Oil surged $3 to near $104 a barrel on Wednesday after a U.S. government report showed a steep draw in U.S. refined fuel inventories as the giant consumer gears up for the summer driving season.
The gains snapped three days of losses as Iraq began to repair an oil pipeline in the south damaged by an attack last Thursday, and came even as U.S. crude oil stocks posted their biggest weekly increase in four years.
U.S. crude futures jumped $3.00 to $103.98 a barrel.
London Brent crude rose $2.45 cents to $102.62 a barrel.
Data from the U.S. Energy Information Administration showed gasoline inventories tumbled 4.5 million barrels against analyst calls for a 2-million-barrel fall, while distillate stocks fell by 1.6 million barrels.
The declining inventories of refined fuels come in the run up to the summer vacation season, when U.S. fuel demand typically peaks.
U.S. crude stocks, meanwhile, jumped 7.4 million barrels last week, the biggest build since March 2004, as imports rose and demand from domestic refiners remained low.
"The crude oil build certainly was unexpected and bearish for the complex. However, the sharper-than-expected gasoline draw should offer the products some support and help the margin environment for refiners,'' said Eric Wittenauer, analyst for Wachovia Securities.
Adding to oil's gains, the U.S. dollar softened against the euroon Wednesday.
A weak U.S. dollar can support nominal prices for all commodities denominated in the currency.
Concerns over the health of the struggling U.S. economy have knocked crude off a record high over $111 a barrel hit last month, with analysts forecasting tepid oil demand from the world's top consumer this year.
U.S. gasoline demand for the past four weeks held steady versus year-ago levels, according to the EIA, while overall product demand fell 1.3 percent compared with last year.
"The demand numbers for gasoline are pretty poor, but domestic production was down and that's why we're seeing a big (gasoline stock) draw,'' said Phil Flynn, analyst for Alaron Trading.

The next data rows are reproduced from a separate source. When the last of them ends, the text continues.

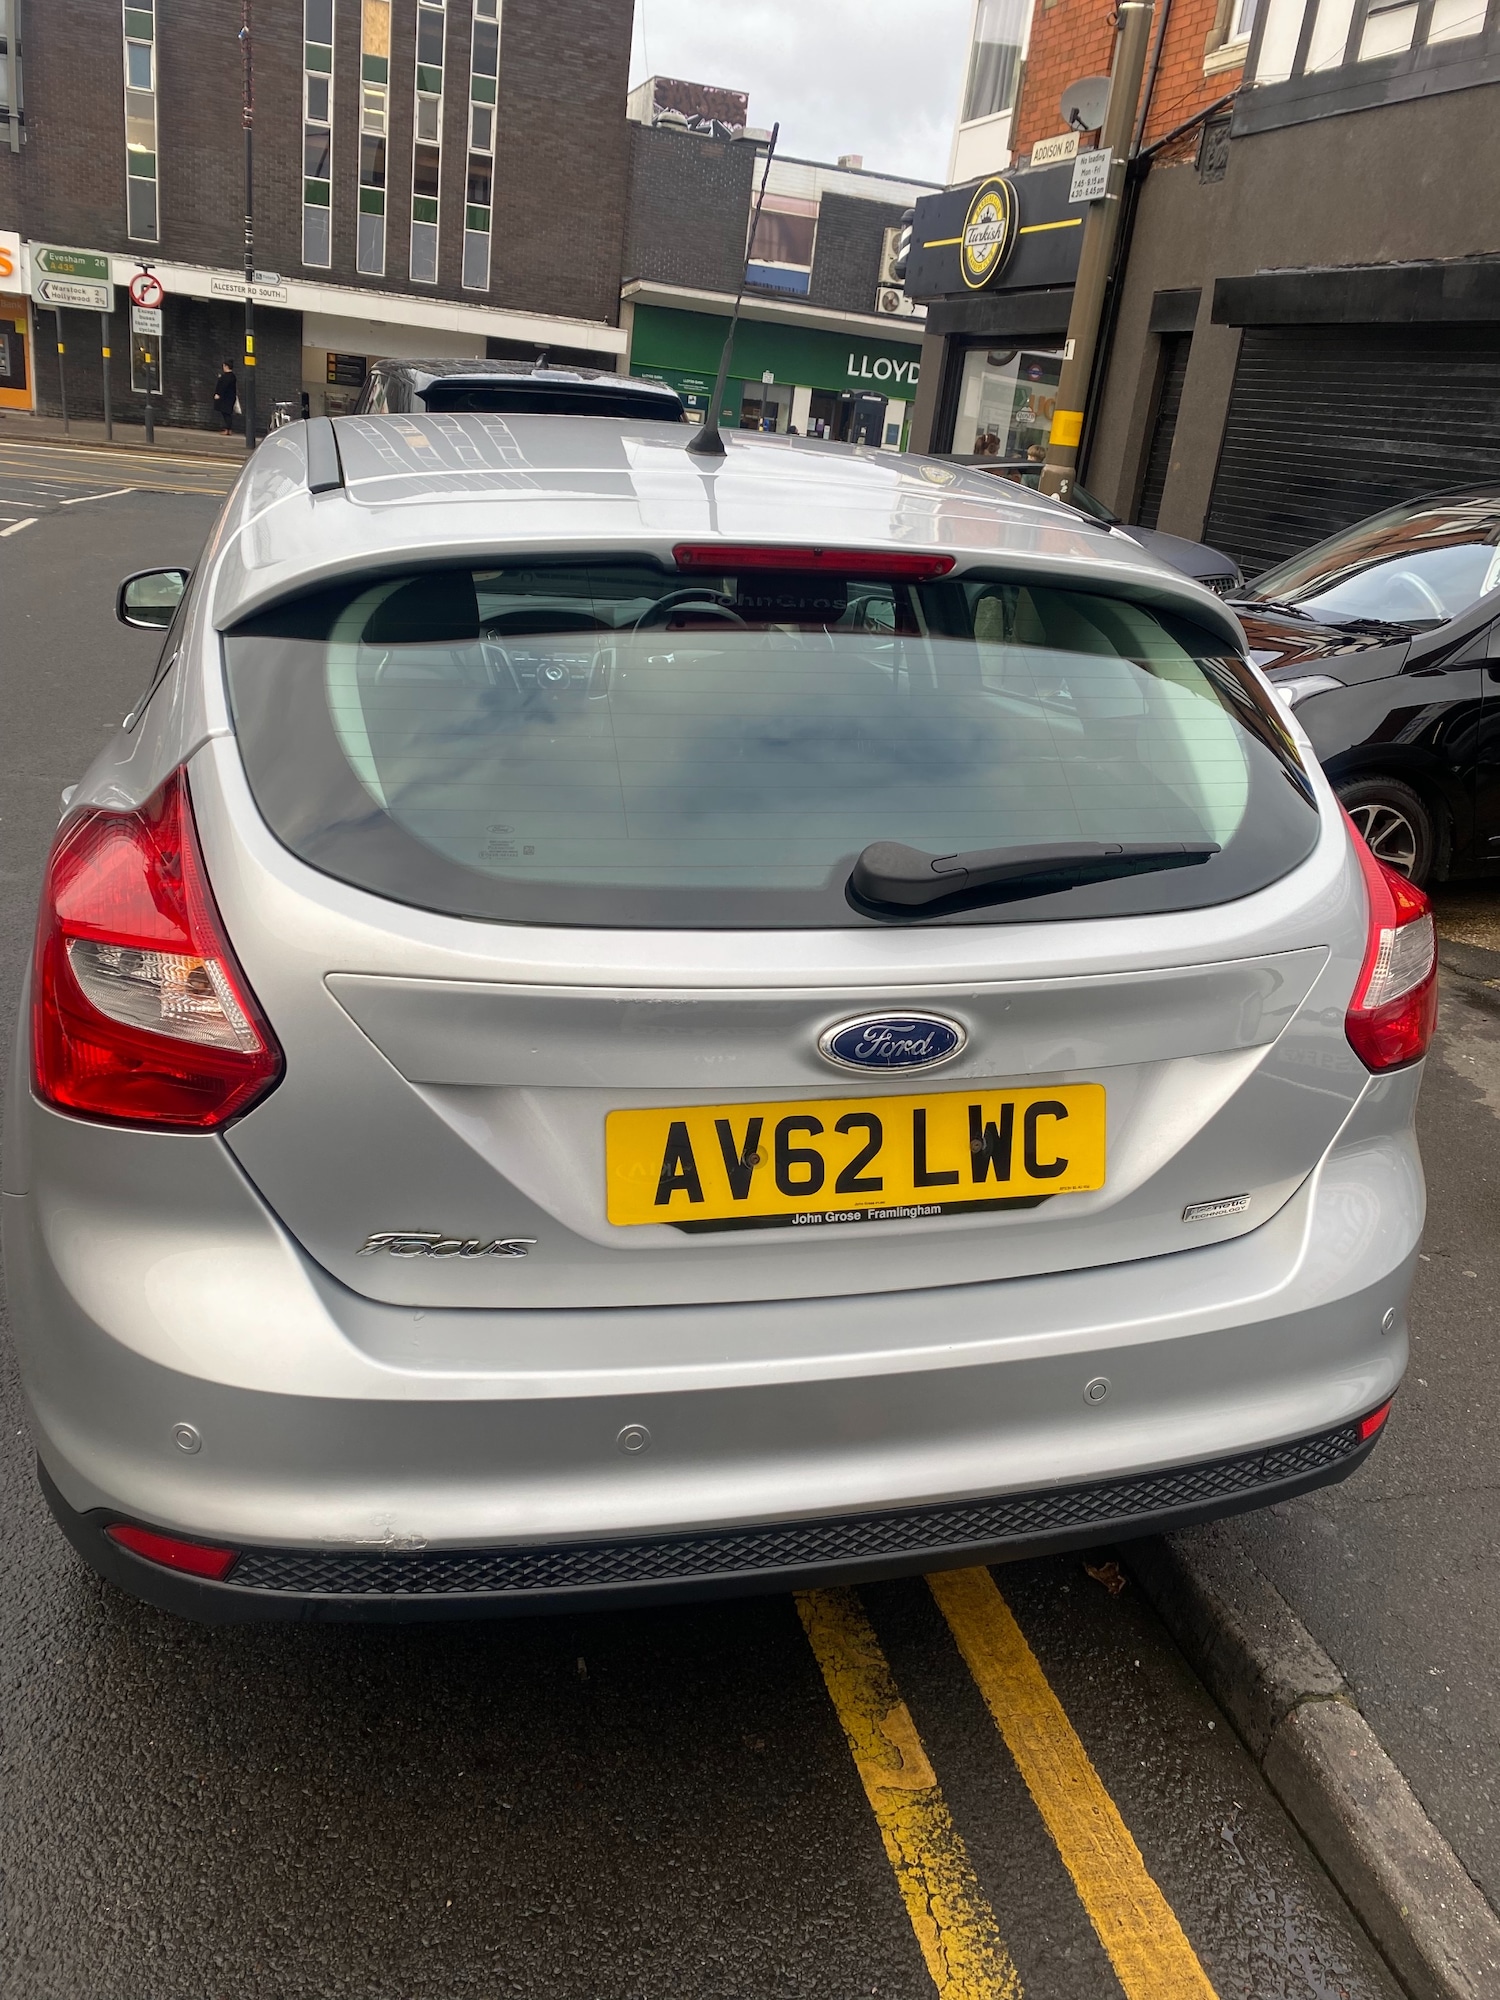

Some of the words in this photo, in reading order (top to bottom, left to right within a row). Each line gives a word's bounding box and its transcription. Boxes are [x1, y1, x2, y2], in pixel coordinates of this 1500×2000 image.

[1033, 142, 1063, 160] ADDISON
[1064, 139, 1075, 154] RD
[1080, 157, 1087, 165] No
[1088, 154, 1105, 163] loading
[1081, 168, 1090, 176] Mon
[967, 222, 1002, 244] Turkish
[49, 252, 86, 265] Evesham
[94, 258, 106, 267] 26
[51, 284, 87, 295] Warstock
[51, 291, 91, 303] Hollywood
[213, 282, 246, 293] ALCESTER
[247, 287, 257, 295] RD
[259, 289, 281, 298] SOUTH
[854, 1024, 936, 1059] Ford
[654, 1112, 883, 1206] AV62
[913, 1100, 1069, 1187] LWC
[791, 1213, 822, 1225] John
[825, 1210, 862, 1223] Grose
[867, 1204, 942, 1219] Framlingham
[1191, 1205, 1246, 1220] TECHNOLOGY
[355, 1231, 538, 1259] Focus

Federal Reserve Chairman Ben Bernanke said Wednesday the U.S. economy could contract in the first half of the year but that growth should pick up as the impact of aggressive interest rates cuts is felt.
Optimism that the worst of the credit crisis could be over helped push up commodities and U.S. stocks as investors looked for bargains after the recent string of massive write-downs.